ABOUT THIS TASK
Word for word, restate every record, though not the pictures.
________
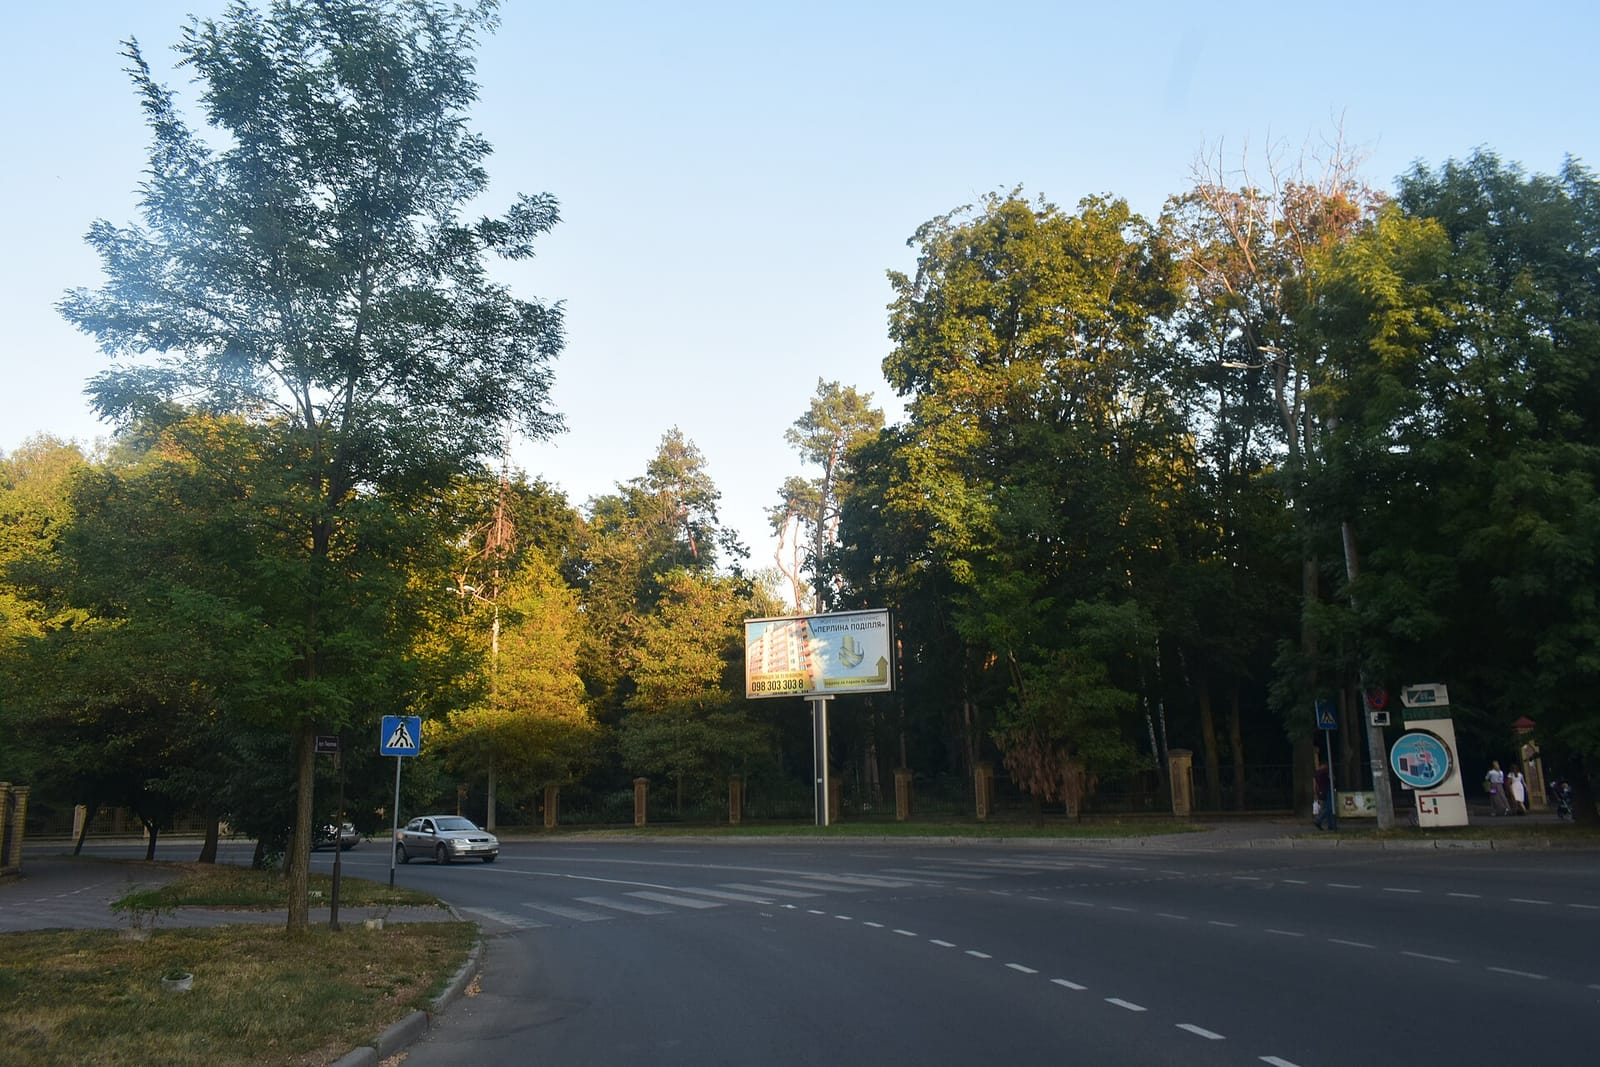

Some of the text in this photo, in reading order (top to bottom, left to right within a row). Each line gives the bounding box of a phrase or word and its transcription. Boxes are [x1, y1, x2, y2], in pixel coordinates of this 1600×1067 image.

[814, 621, 885, 633] «ПЕРЛИНА ПОДІЛЛЯ»
[751, 679, 804, 692] 098 303 303 8
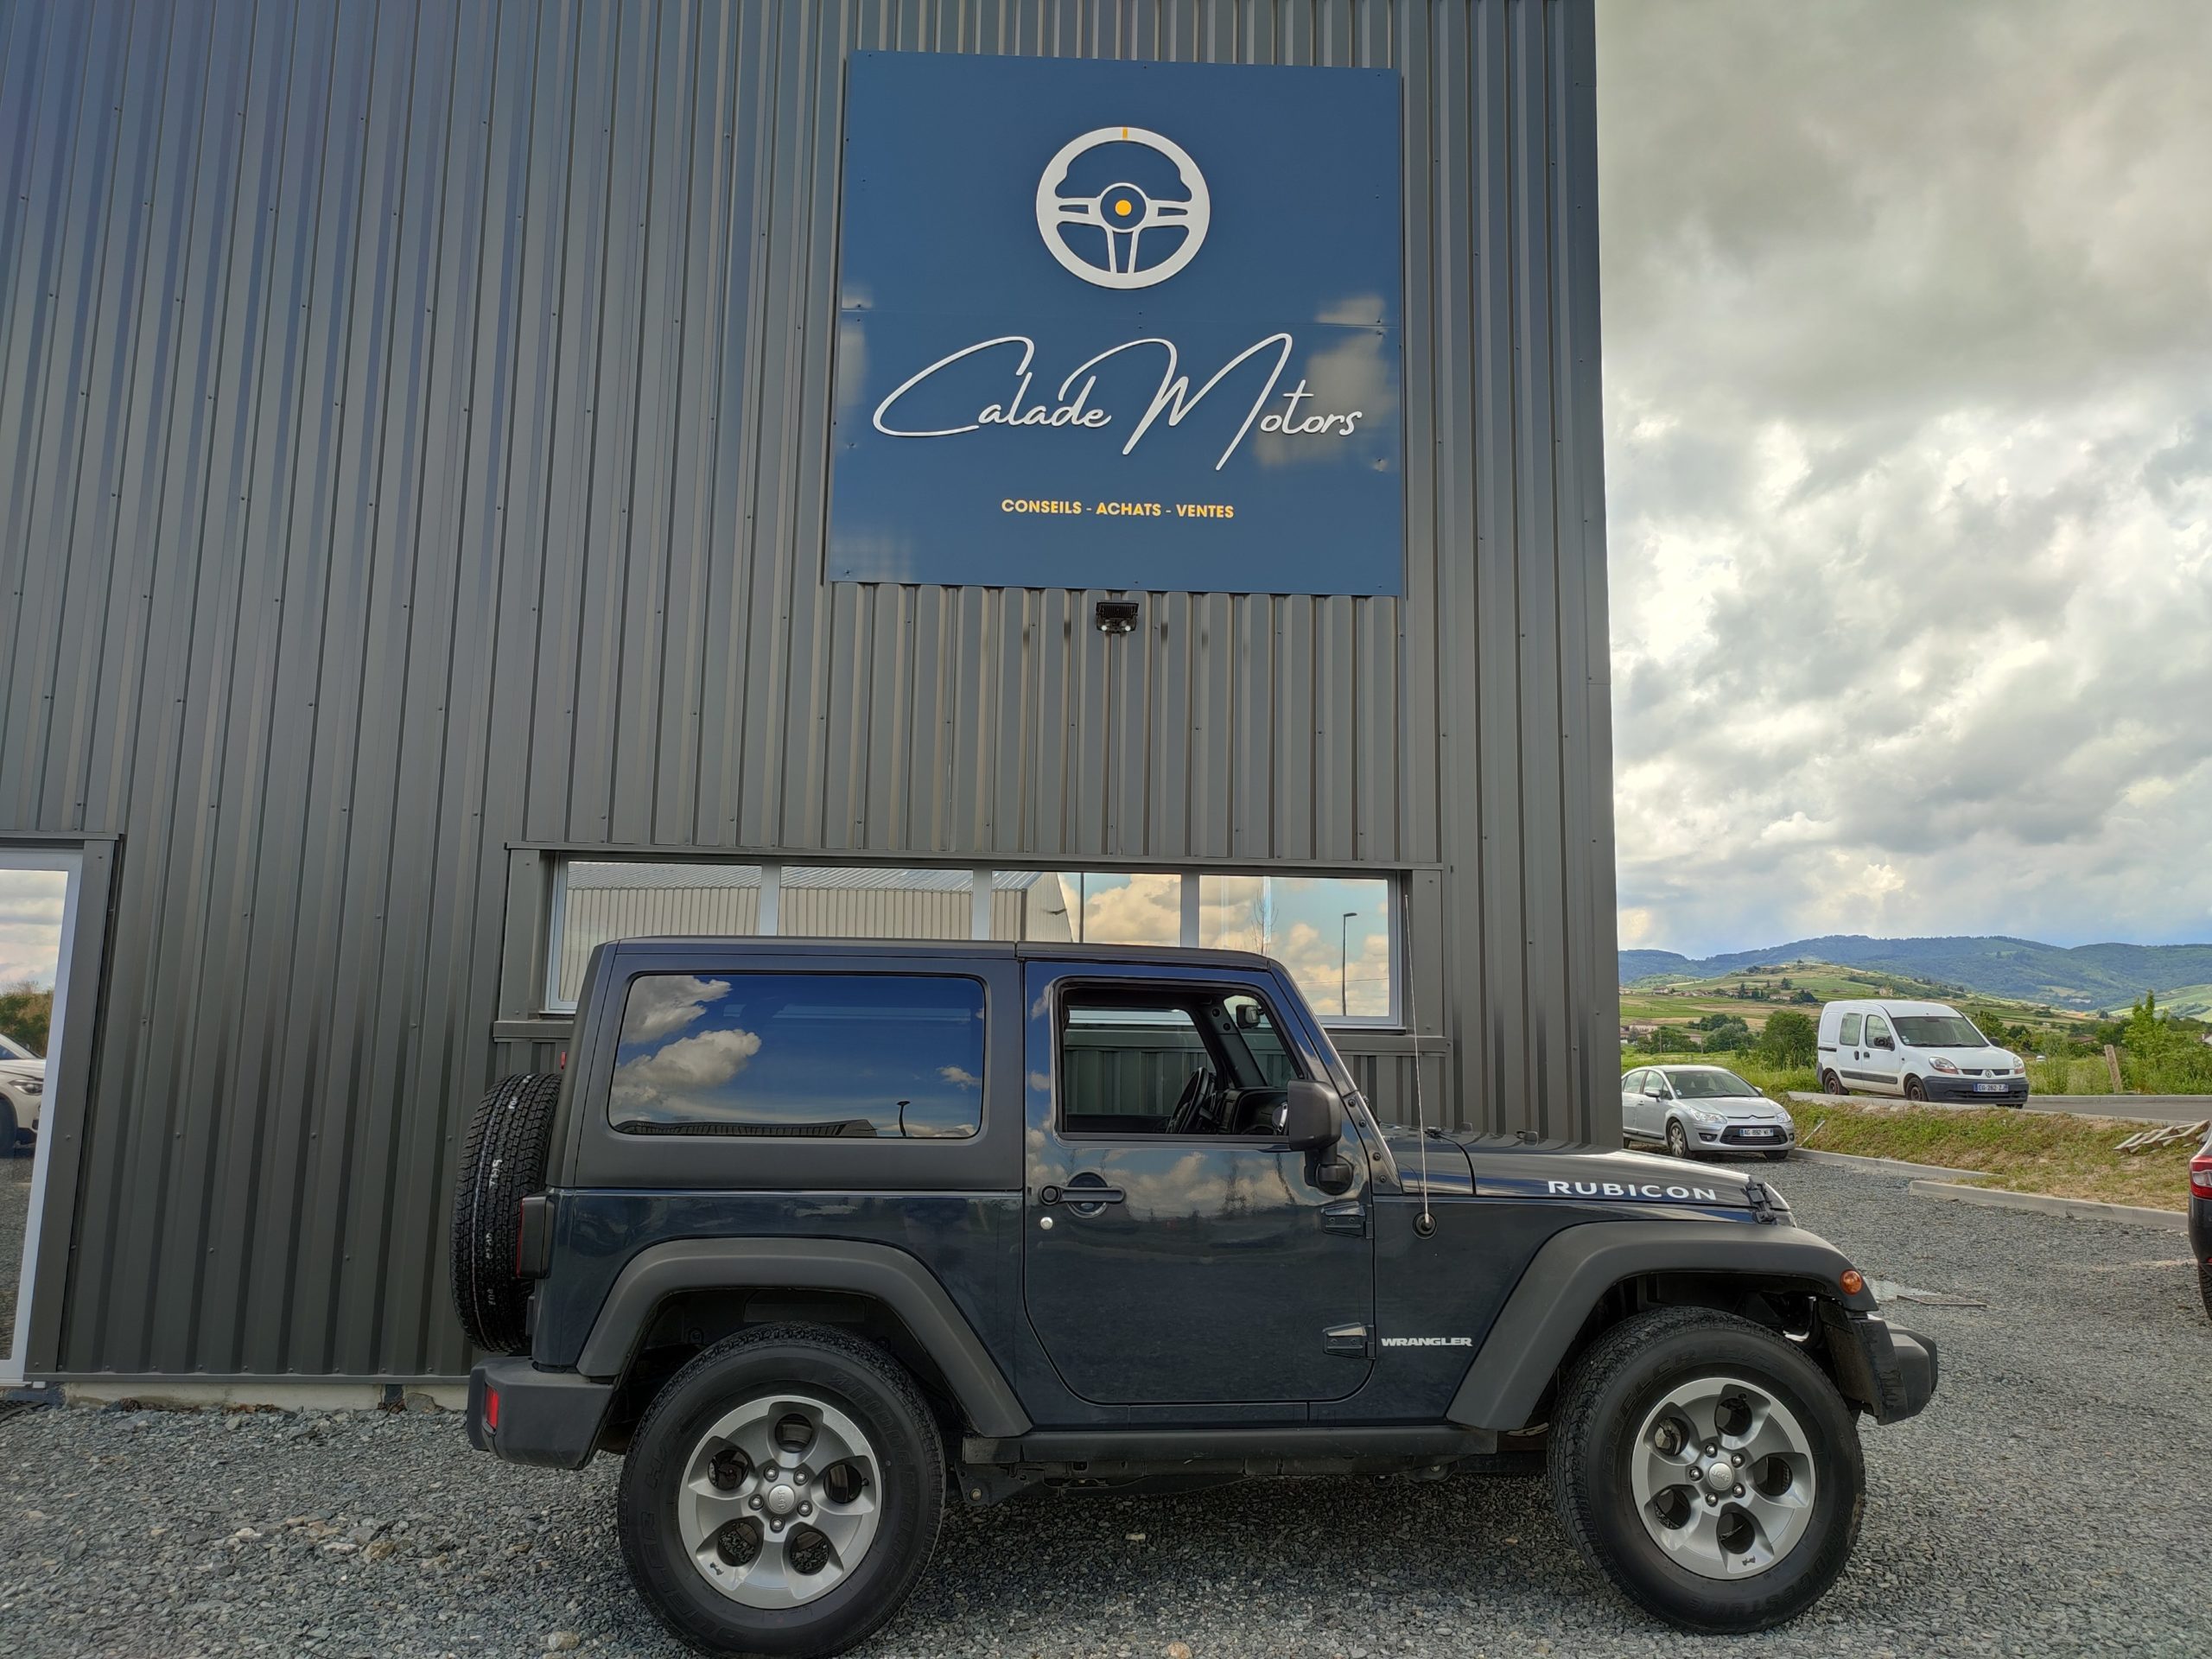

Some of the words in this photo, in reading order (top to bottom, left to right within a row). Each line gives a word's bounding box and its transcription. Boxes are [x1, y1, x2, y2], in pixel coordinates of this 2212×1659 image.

[873, 335, 1112, 437] Calade
[1058, 333, 1363, 471] Motors
[1001, 499, 1082, 515] CONSEILS
[1096, 501, 1161, 517] ACHATS
[1175, 503, 1235, 518] VENTES
[1548, 1180, 1717, 1200] RUBICON
[1381, 1337, 1473, 1347] WRANGLER
________
WORKED SOLUTION
Some of the text in this photo, in reading order (top to bottom, left to right within a row). Each line gives the bounding box of a phrase or word and its transcription. Boxes are [x1, y1, x2, y2], in pixel coordinates of this 1600×1067 image.

[814, 621, 885, 633] «ПЕРЛИНА ПОДІЛЛЯ»
[751, 679, 804, 692] 098 303 303 8

Some of the words in this photo, in reading order (top to bottom, left to right within a row). Each line gives a word's bounding box and its transcription. Boxes are [x1, y1, x2, y2], in pixel coordinates of this 2212×1659 image.

[873, 335, 1112, 437] Calade
[1058, 333, 1363, 471] Motors
[1001, 499, 1082, 515] CONSEILS
[1096, 501, 1161, 517] ACHATS
[1175, 503, 1235, 518] VENTES
[1548, 1180, 1717, 1200] RUBICON
[1381, 1337, 1473, 1347] WRANGLER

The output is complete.